Finally a bit of good news! Thanks, was already looking at Nikon but now will wait and hopefully see.


----------



## Bob Howland (Dec 16, 2010)

A 15-MP FF 1DMkIV is very good news indeed. But there is a place for a high end APS-C crop sports camera. I shoot primarily with a 5D but use a 40D for outdoor sports in bright light. A couple of wedding photographers I know shoot primarily with D700's but also own a D300 both as a backup and for those occasions requiring more reach. Maybe Canon will move the 7D even further up-market and reduce the pixel count to 12-14MP.


----------



## neuroanatomist (Dec 16, 2010)

Bob Howland said:


> Maybe Canon will move the 7D even further up-market and reduce the pixel count to 12-14MP.



That will probably happen right after pigs fly through snowstorms in hell.


----------



## Stuart (Dec 16, 2010)

Are we still thinking Canon will go medium format, maybe the 1Ds Mk III replacement will be MF?
with the 1D Mk IV staying APS-H, that would create a non level playing feild for Nikon.

If this happened then only the 5dMk2 would be using the full image circle of the EF lenses!

I've seen little excitement about the 60D so the 7D needs to step upto the mark of other APS-c camera's

It also still seems like a EOS6D with a APS-H (or anything else between FF & APS-C, maybe APS-J?) sensor would be an interesting exercise to seperate SLR's from top end APS-c compacts and give us a reason to focus on improving our EF L glass collection.

Canon have alreadt proved they can do really great sensors with the 1D Mk IV.


----------



## stark-arts (Dec 16, 2010)

it makes No Sense for a lower MP 1d5 when it's going to FF - the bigger sensor with the current MP makes sense or even going up to 21 and having a "crop mode" for sports but going full frame and lowering MP makes little sense in real world as well as little sense in Canon world...
The D4 will be out sometime next year and it will be at least 16 - i just can't imagine Canon going from being som much more MP to less on purpose....

Running two Digic 5 (i know it's not real yet) would allow 7-8 at 21mp with a crop mode that allows 10-11 at 14 or so if my guesstimation is right (based on a 1.3 or 1.5 crop mode....should be about a third less right?


----------



## Gothmoth (Dec 16, 2010)

i think this rumor is pure b*llsh*t.

not even worth discussing about.


----------



## Gothmoth (Dec 16, 2010)

Stuart said:


> Are we still thinking Canon will go medium format, maybe the 1Ds Mk III replacement will be MF?

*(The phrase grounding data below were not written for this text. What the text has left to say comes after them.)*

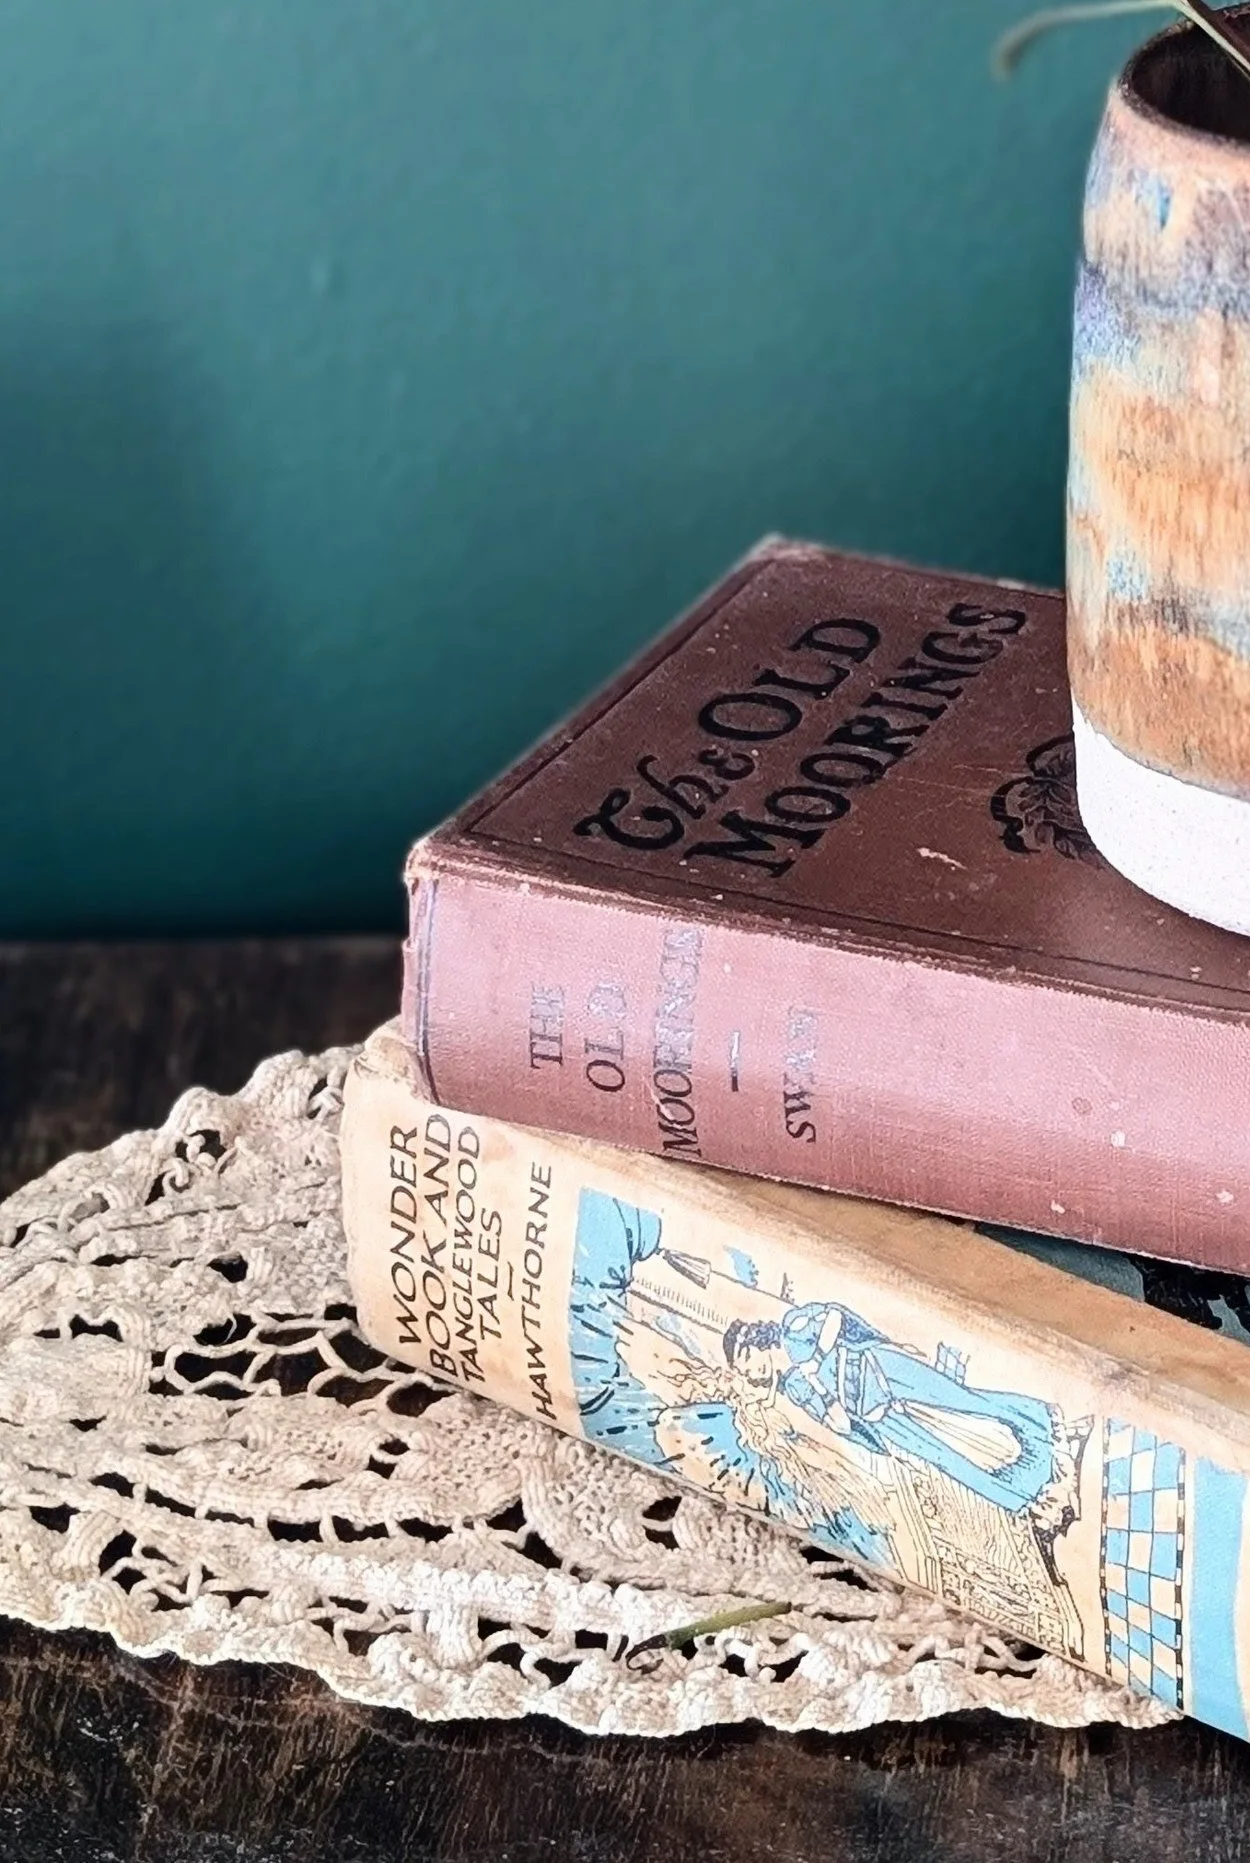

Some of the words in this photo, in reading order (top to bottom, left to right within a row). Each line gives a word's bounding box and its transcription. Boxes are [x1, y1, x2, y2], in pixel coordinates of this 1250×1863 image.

[685, 603, 1027, 878] MOORINGS
[700, 618, 882, 741] OLD
[529, 985, 565, 1070] THE
[390, 1125, 422, 1344] WONDER
[423, 1113, 452, 1228] AND
[421, 1229, 458, 1378] BOOK
[452, 1126, 486, 1383] TANGLEWOOD
[477, 1207, 503, 1340] TALES
[521, 1161, 557, 1421] HAWTHORNE
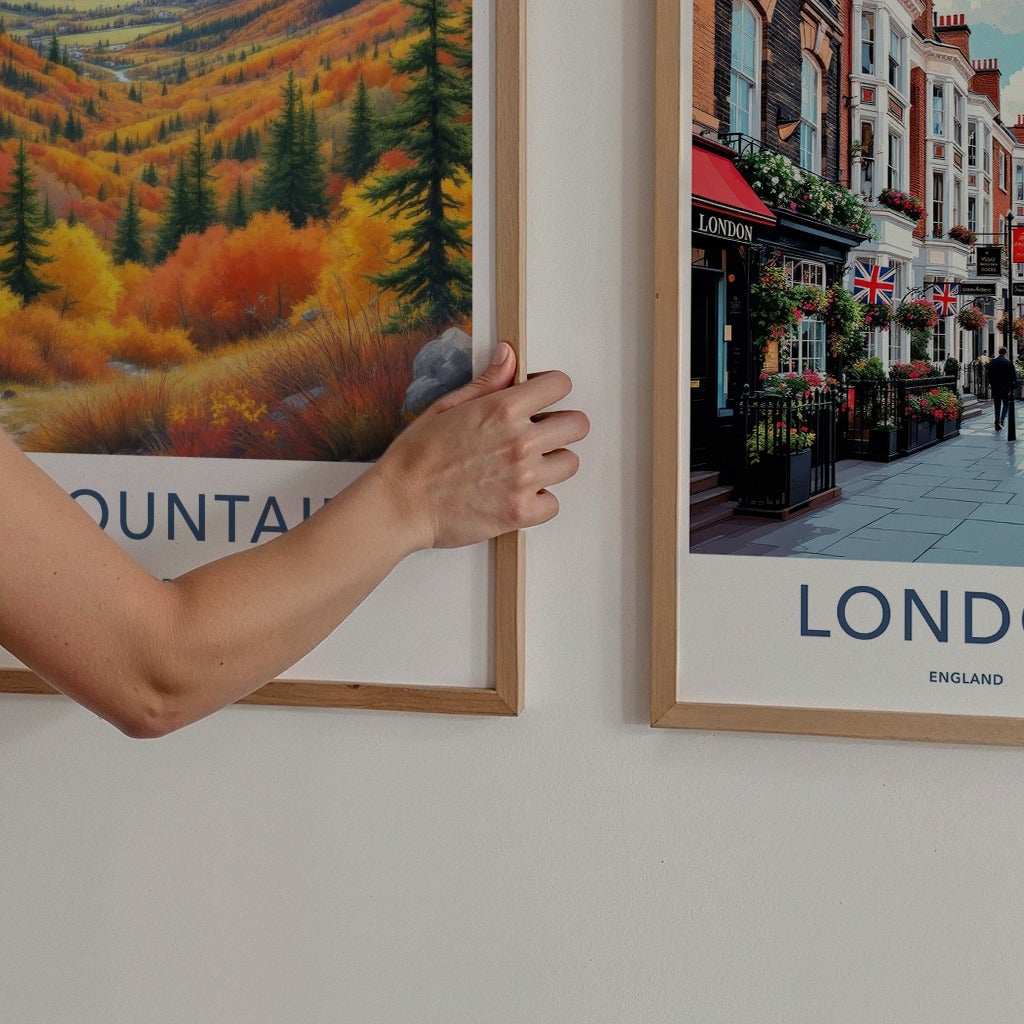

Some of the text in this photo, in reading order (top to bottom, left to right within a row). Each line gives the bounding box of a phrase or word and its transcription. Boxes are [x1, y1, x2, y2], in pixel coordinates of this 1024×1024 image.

[698, 213, 753, 242] LONDON
[800, 584, 1024, 645] LOND
[929, 671, 1004, 686] ENGLAND
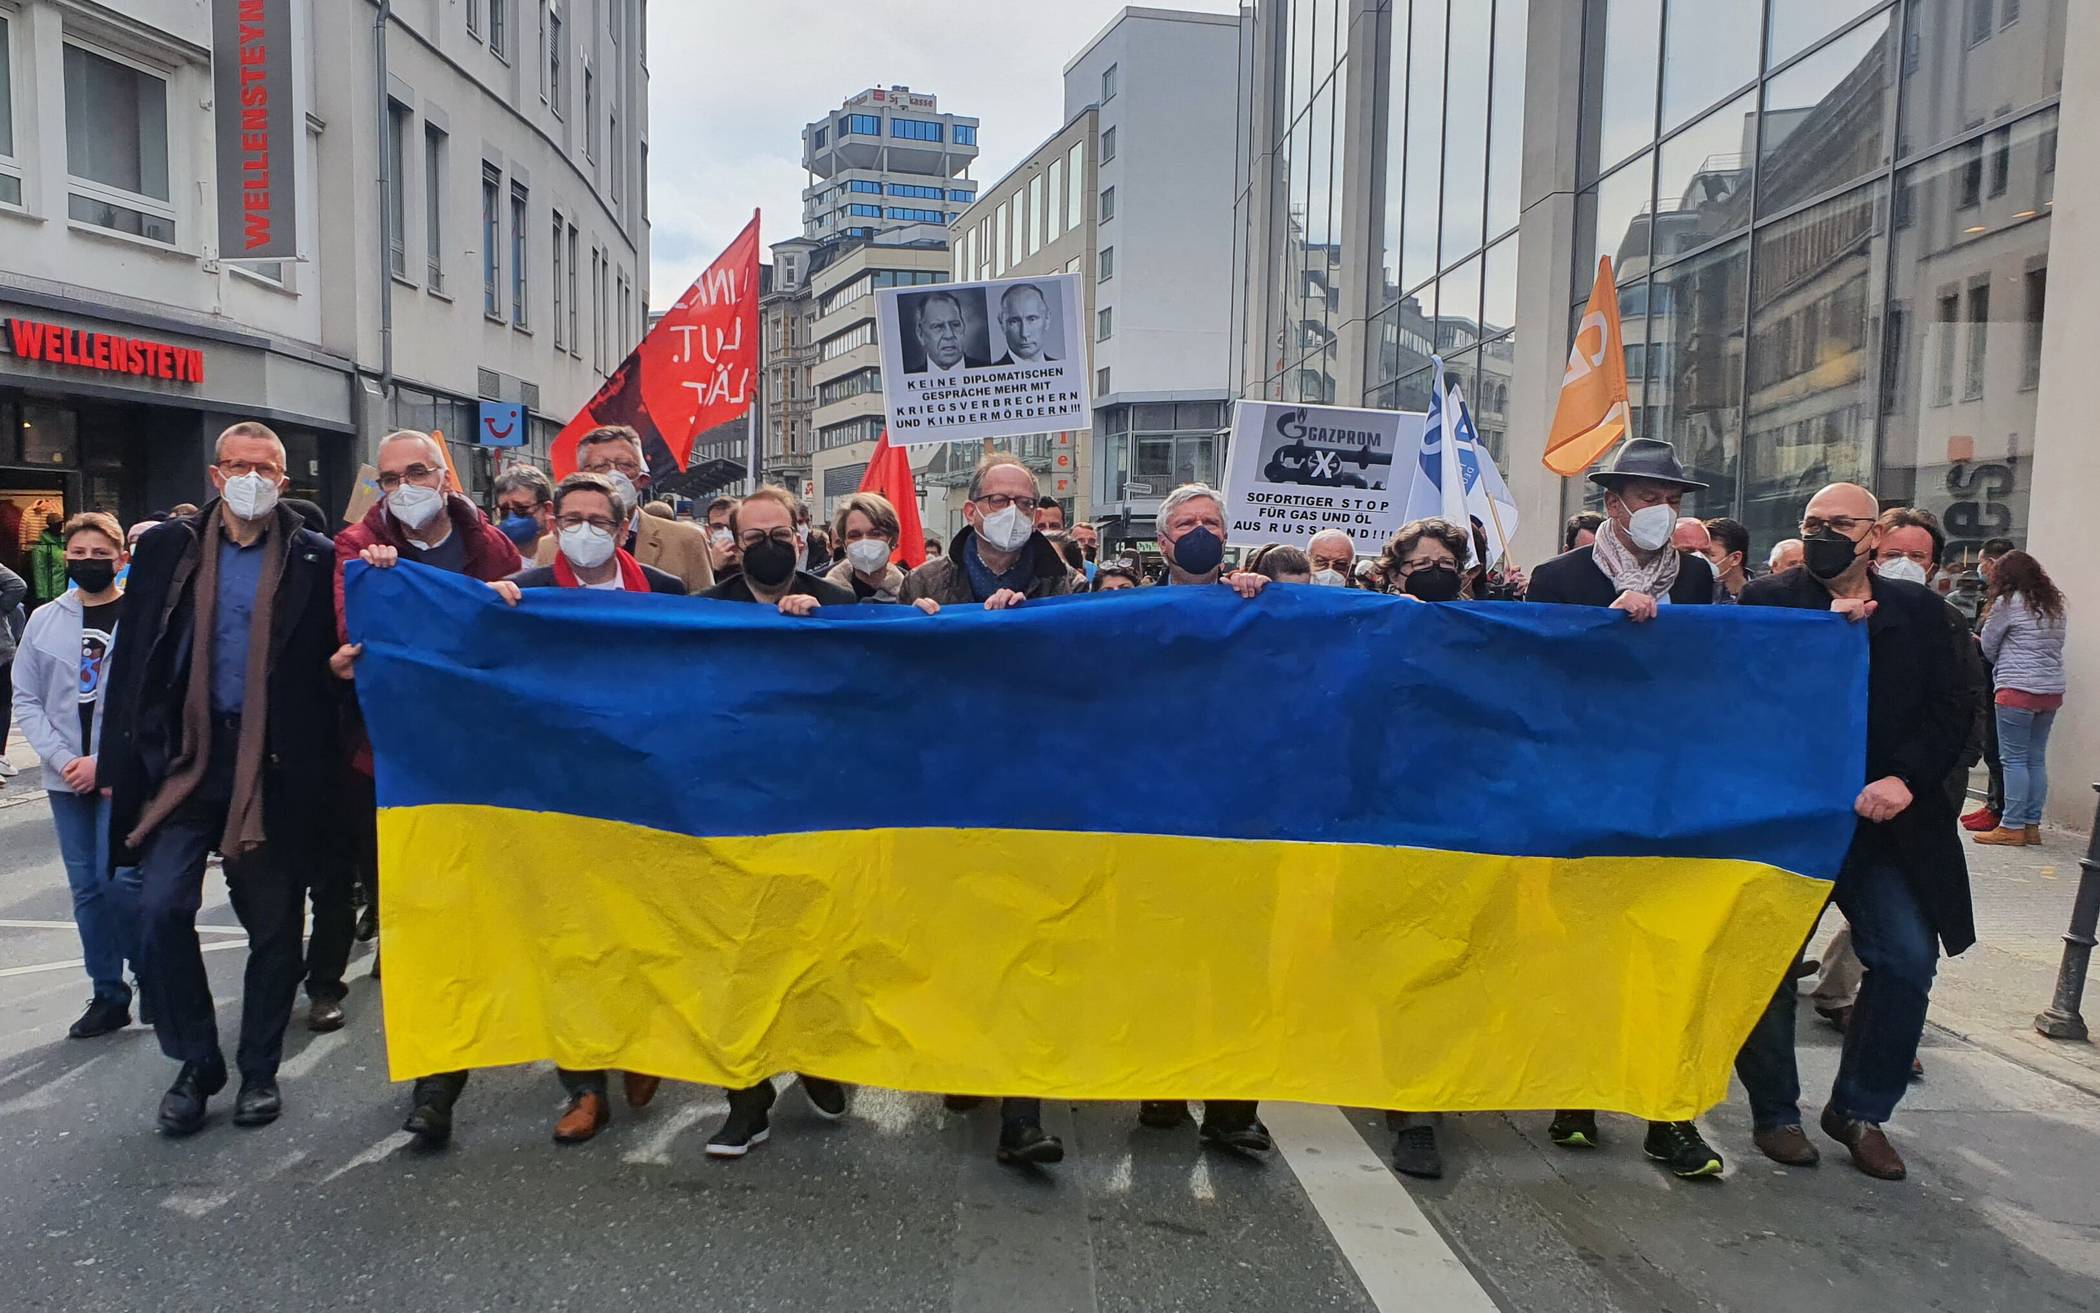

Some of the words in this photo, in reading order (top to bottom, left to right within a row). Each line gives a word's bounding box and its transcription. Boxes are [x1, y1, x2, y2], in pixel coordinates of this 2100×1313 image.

[239, 0, 271, 250] WELLENSTEYN
[10, 318, 205, 384] WELLENSTEYN
[907, 377, 957, 390] KEINE
[963, 367, 1064, 385] DIPLOMATISCHEN
[922, 386, 991, 401] GESPRÄCHE
[994, 383, 1028, 394] MEHR
[1030, 381, 1052, 391] MIT
[896, 391, 1078, 416] KRIEGSVERBRECHERN
[896, 418, 921, 429] UND
[927, 404, 1081, 426] KINDERMÖRDERN!!!
[1308, 426, 1382, 447] GAZPROM
[1247, 492, 1333, 507] SOFORTIGER
[1341, 498, 1389, 511] STOP
[1233, 520, 1261, 531] AUS
[1258, 507, 1286, 519] FÜR
[1290, 509, 1318, 520] GAS
[1322, 512, 1350, 523] UND
[1354, 512, 1372, 525] ÖL
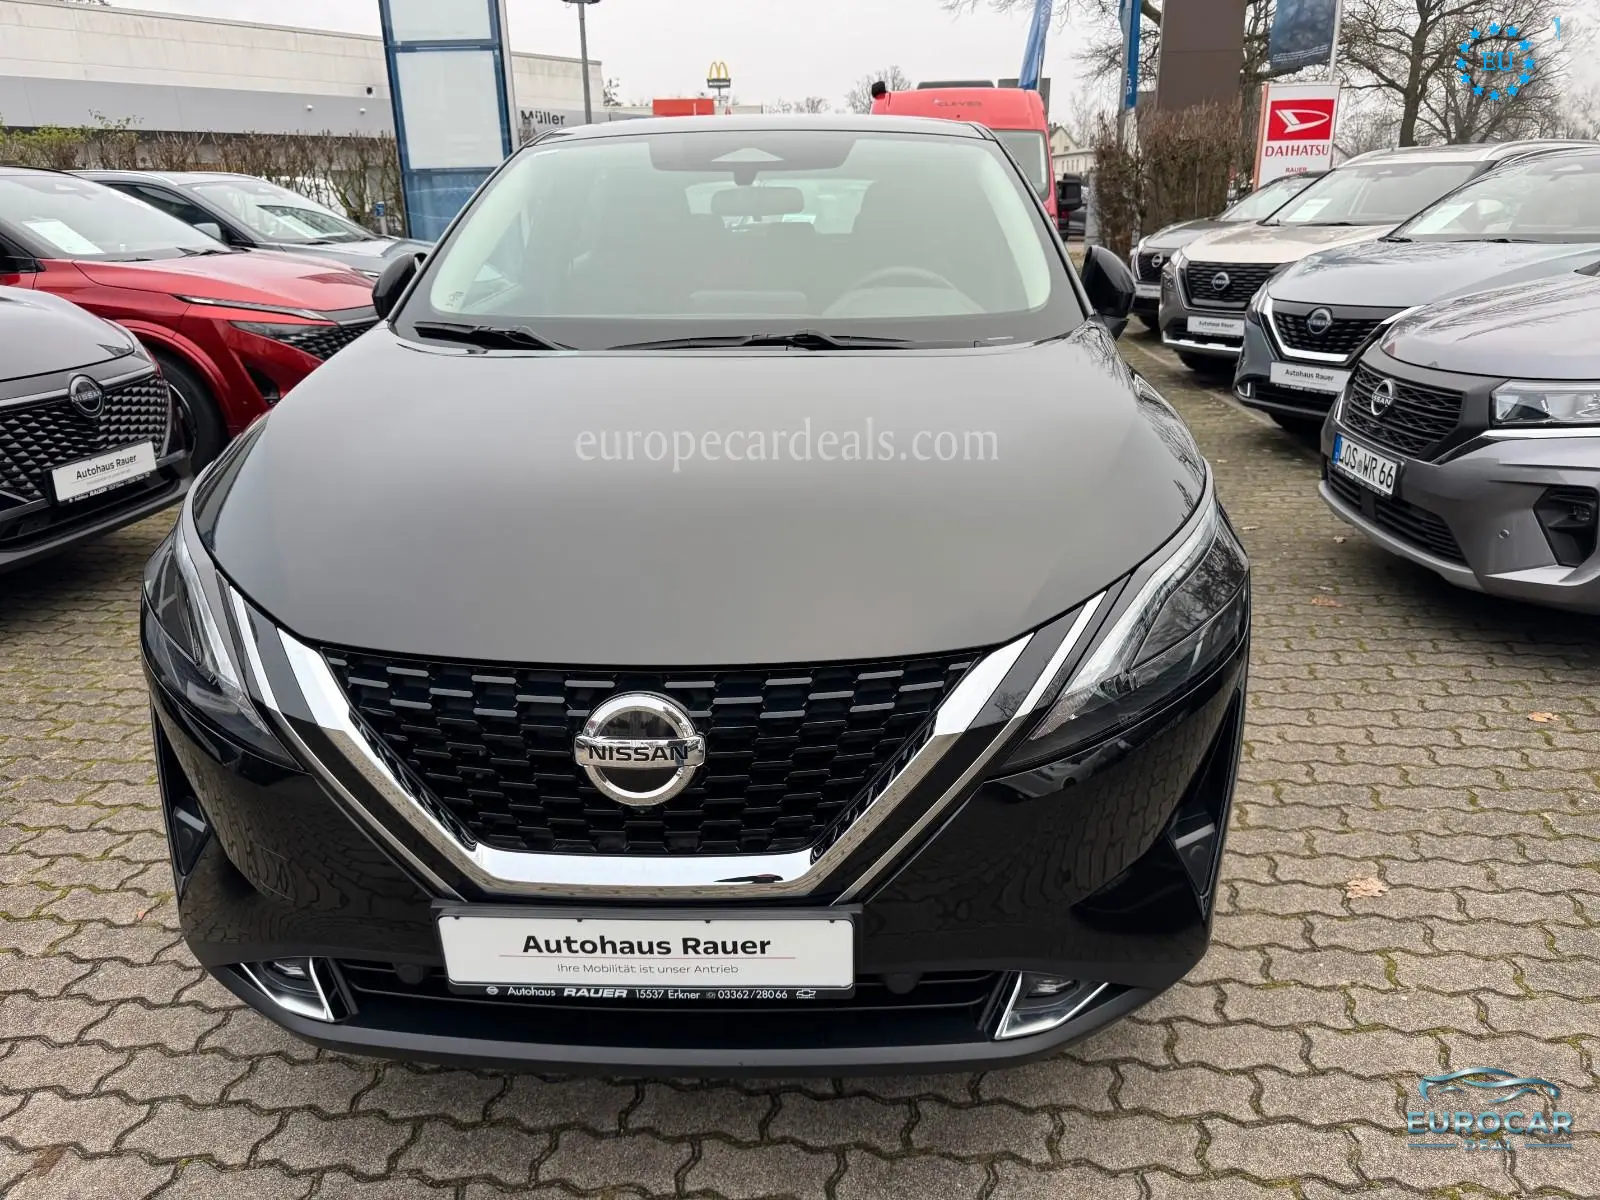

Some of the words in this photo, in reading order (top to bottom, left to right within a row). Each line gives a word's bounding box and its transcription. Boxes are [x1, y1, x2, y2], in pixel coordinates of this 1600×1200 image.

no... makes no sense for canon.

canon will mabye enter the MF some day... but that will have nothing to do with the 1D line. 
what i have heard for the 1D line (but donÂ´t count on it) from a friend who works for zeiss is that canon is working on a modular DSLR camera like the ricoh compacts.
that means a exchangeable back for different sensors.




> I've seen little excitement about the 60D so the 7D needs to step upto the mark of other APS-c camera's



well the internet is full of dumbos who complain and complain. 
so i would not give much about the excitement you see or see not on the internet.
i can tell you that the 60d sells like sliced bread here in germany.

what many people would like is a aps-h or FF camera for around 1400 euros.
i (my family) have a store and we are constantly asked if nikon or canon will produce such cameras.


----------



## Macadameane (Dec 16, 2010)

15 MP does see a little low for a full frame camera, even compensating for better ISO performance.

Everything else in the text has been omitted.